Defining your own progress bars
The example animation above uses a pre-provided progress bar layout that should meet many needs (Progress_unix.counter
), but it’s fairly easy to re-define it ourselves using the low-level Progress.Segment
API:
let counter filename =
let proportion i = Int64.to_float i /. 1_000_000. in
let open Progress in
Segment.(
list
[
const filename;
Units.bytes of_pp;
Progress_unix.stopwatch ();
bar ~mode:`ASCII proportion;
using proportion (Units.percentage of_pp);
]
|> box_winsize ~fallback:80 (* Dynamically scale to window size *)
|> periodic 100 (* Re-render once every 100 updates *)

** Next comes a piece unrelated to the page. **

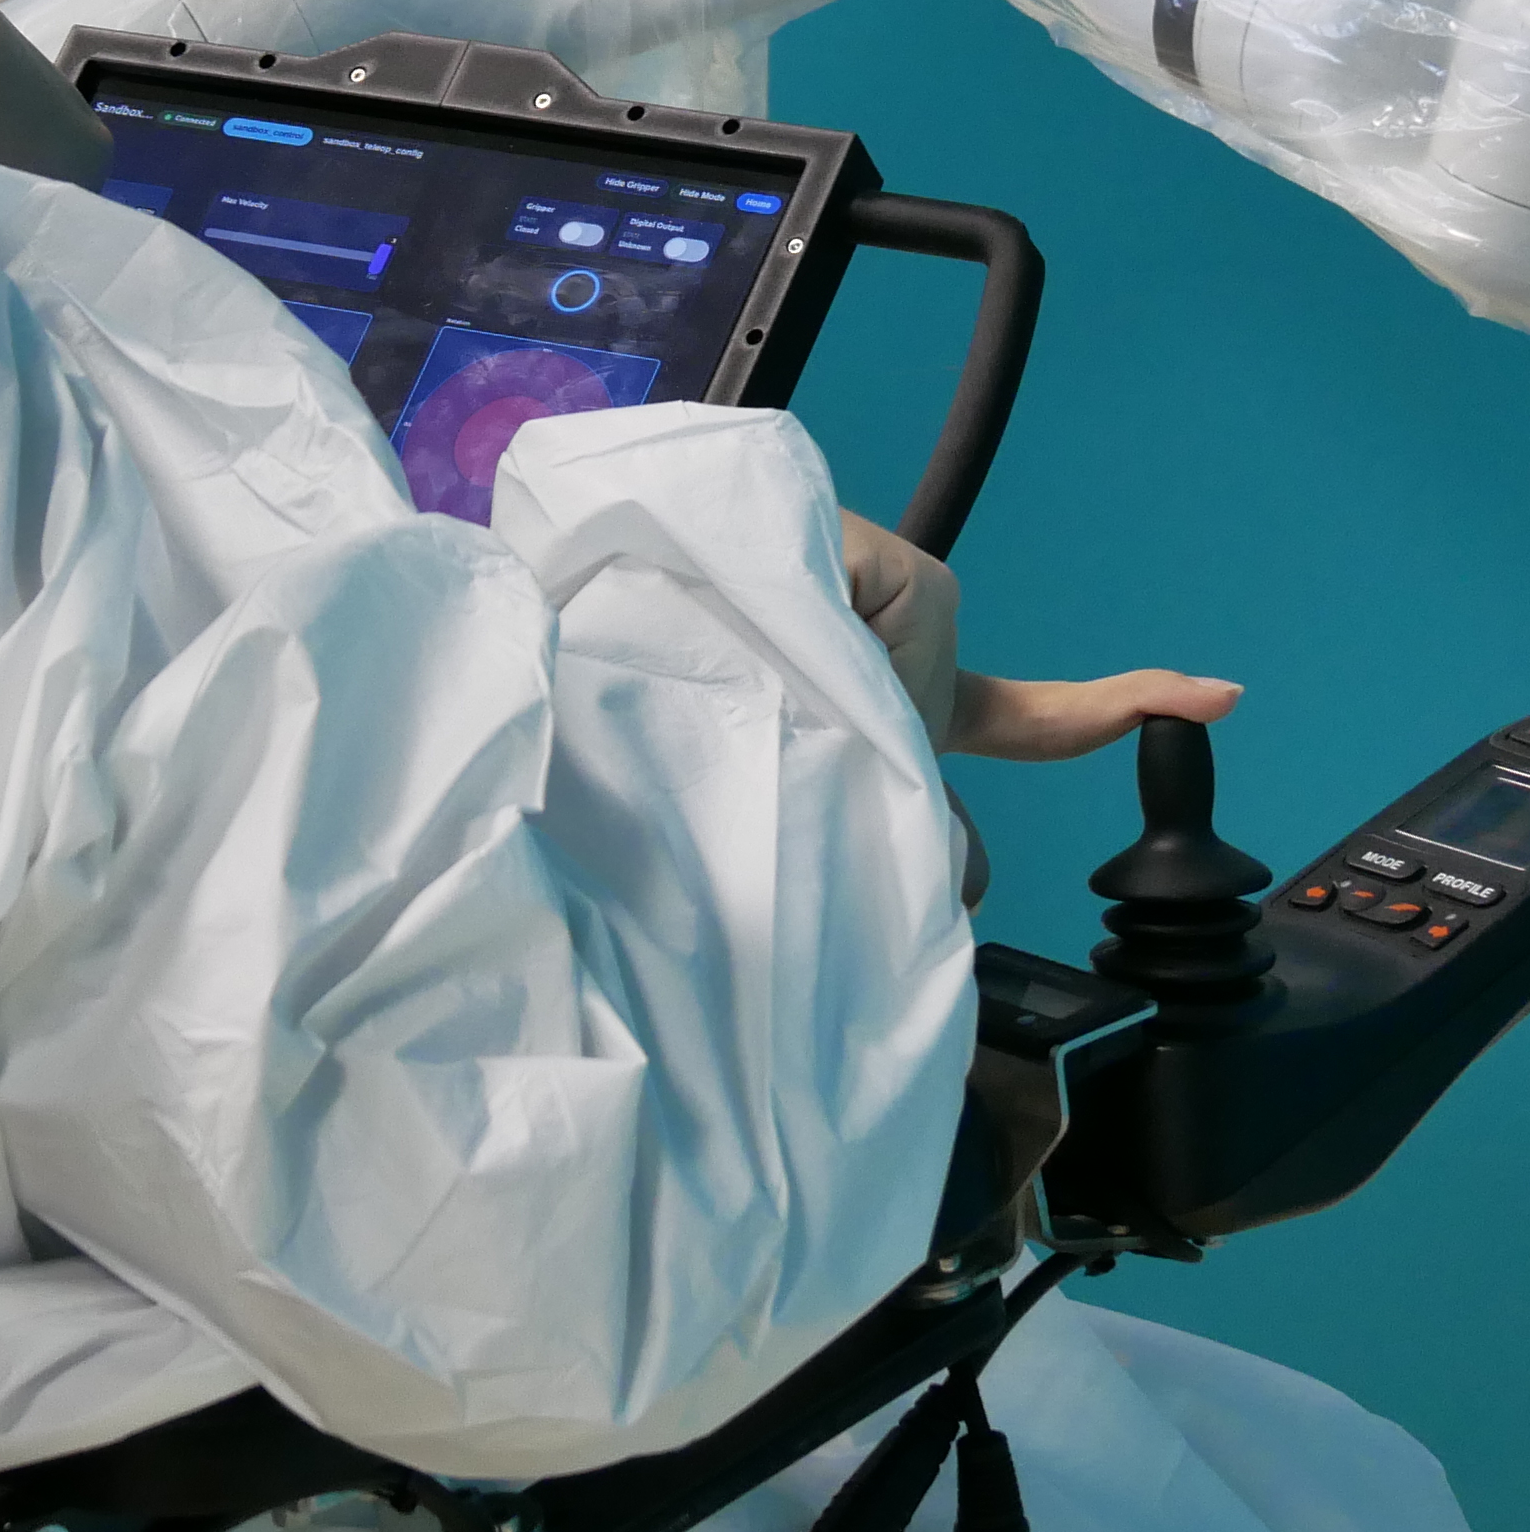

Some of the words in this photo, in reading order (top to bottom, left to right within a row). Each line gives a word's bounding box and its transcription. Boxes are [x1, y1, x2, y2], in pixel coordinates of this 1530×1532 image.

|> accumulator Int64.add 0L (* Accumulate progress updates *))
|> make ~init:0L
The Segment
combinators are similar to those of general-purpose pretty-printing libraries (e.g. pp
and fmt
), but are equipped with extra logic for “stateful” segments and segments that can have dynamic width. Together, these make for a convenient way to express common patterns when pretty-printing progress bars. For instance, the stateful segment periodic
seen above can be used to ensure that very frequent updates from a hot-loop do not result in too much time spent re-rendering the output.
The library is not yet feature-complete, but should still be reasonably useful Happy hacking!